Supplied data:
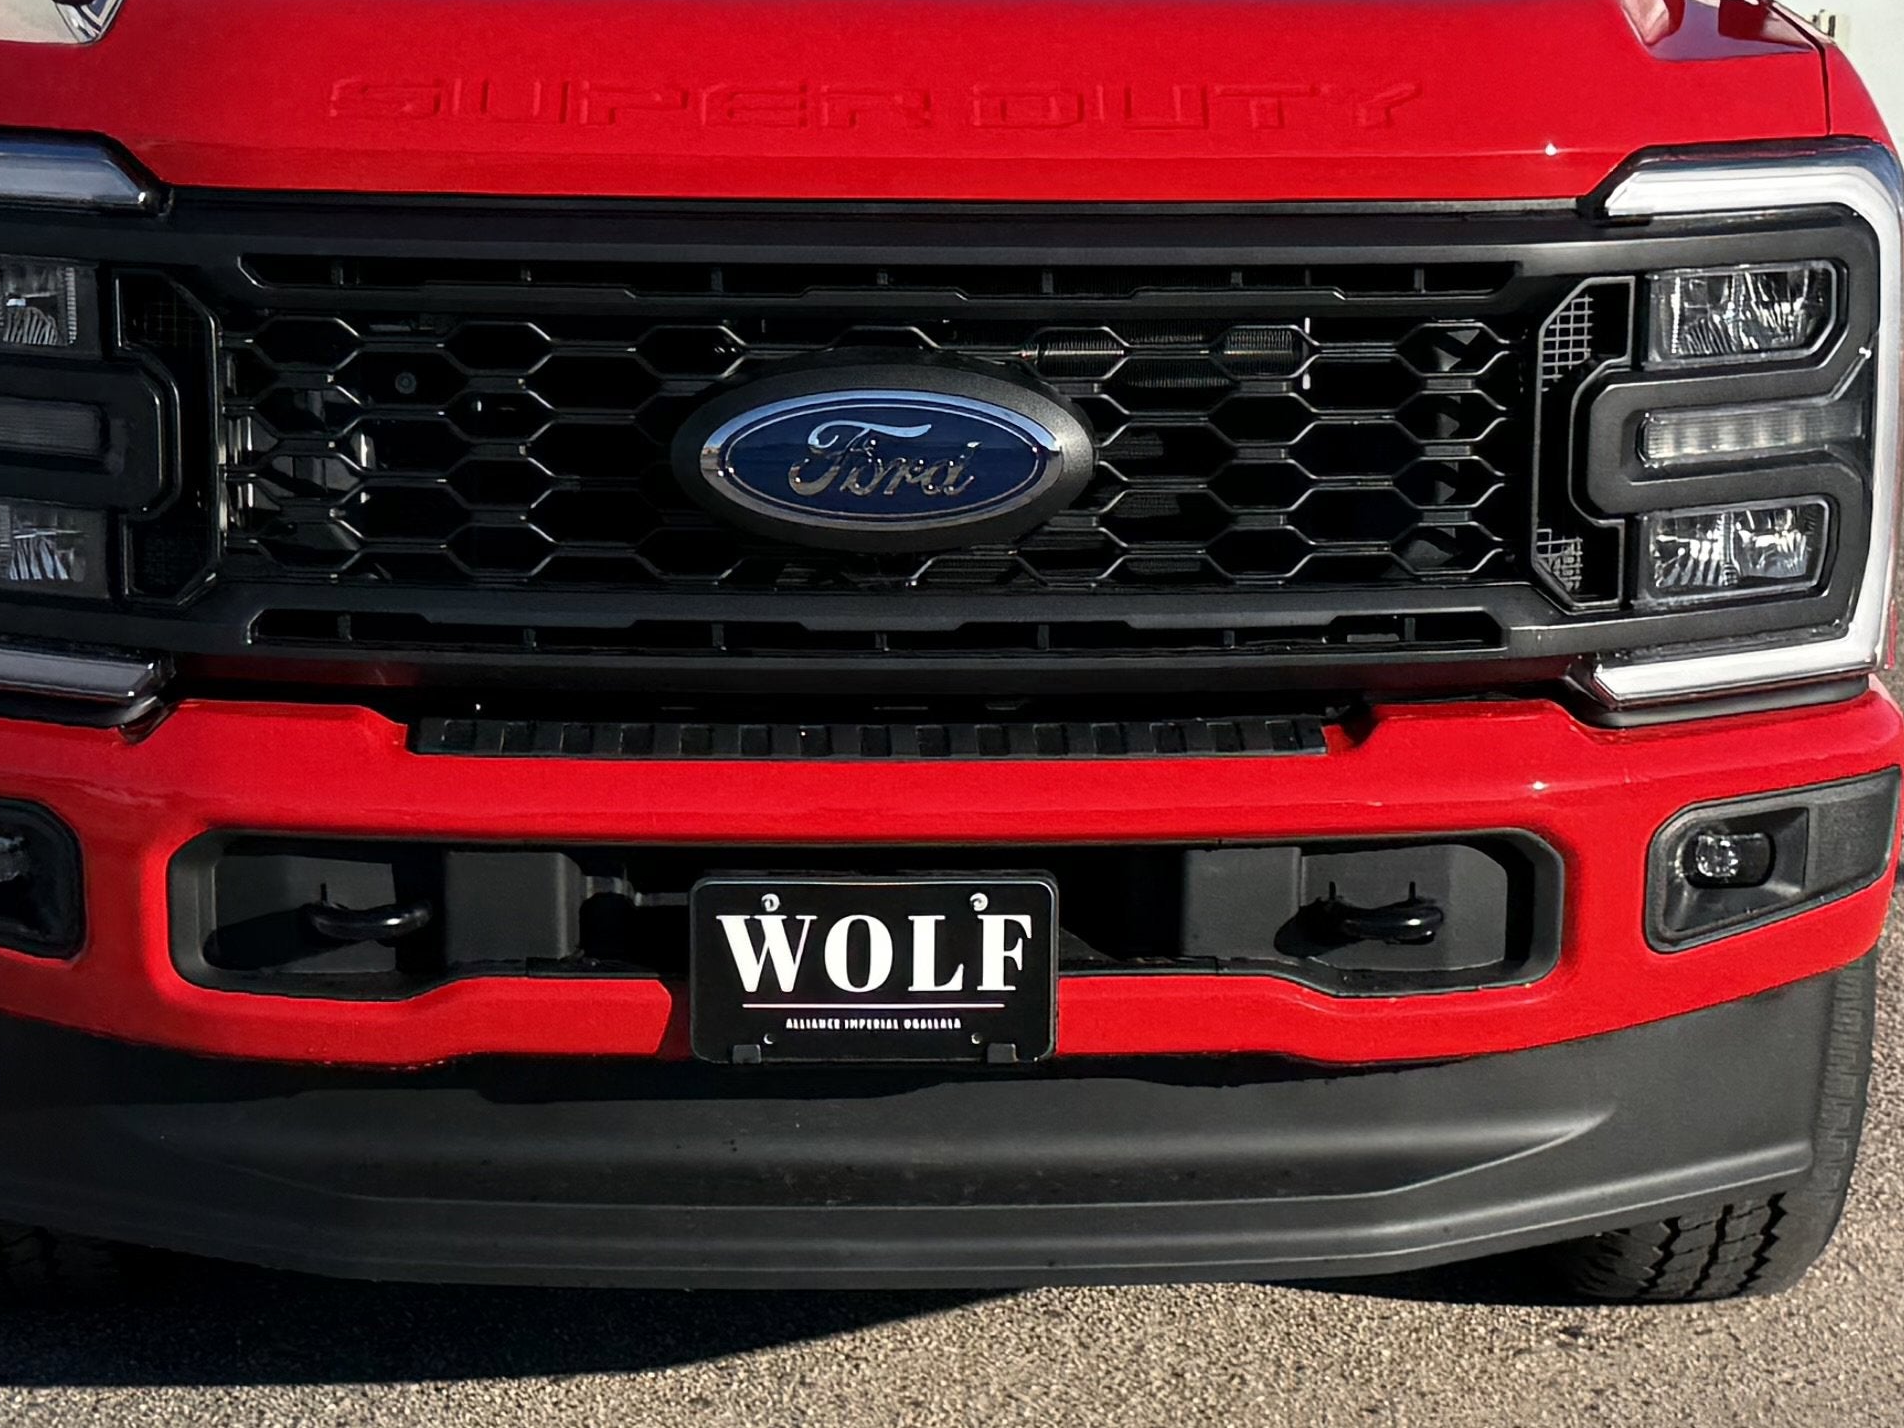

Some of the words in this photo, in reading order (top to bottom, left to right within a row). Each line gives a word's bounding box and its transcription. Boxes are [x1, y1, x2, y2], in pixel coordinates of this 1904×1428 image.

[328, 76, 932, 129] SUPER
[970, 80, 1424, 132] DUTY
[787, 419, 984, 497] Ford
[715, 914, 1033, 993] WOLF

About this exercise: Give every entry back unchanged, with no pictures.

Task result:
Some of the words in this photo, in reading order (top to bottom, left to right within a row). Each line gives a word's bounding box and its transcription. Boxes are [x1, y1, x2, y2], in pixel coordinates of this 1904×1428 image.

[328, 76, 932, 129] SUPER
[970, 80, 1424, 132] DUTY
[787, 419, 984, 497] Ford
[715, 914, 1033, 993] WOLF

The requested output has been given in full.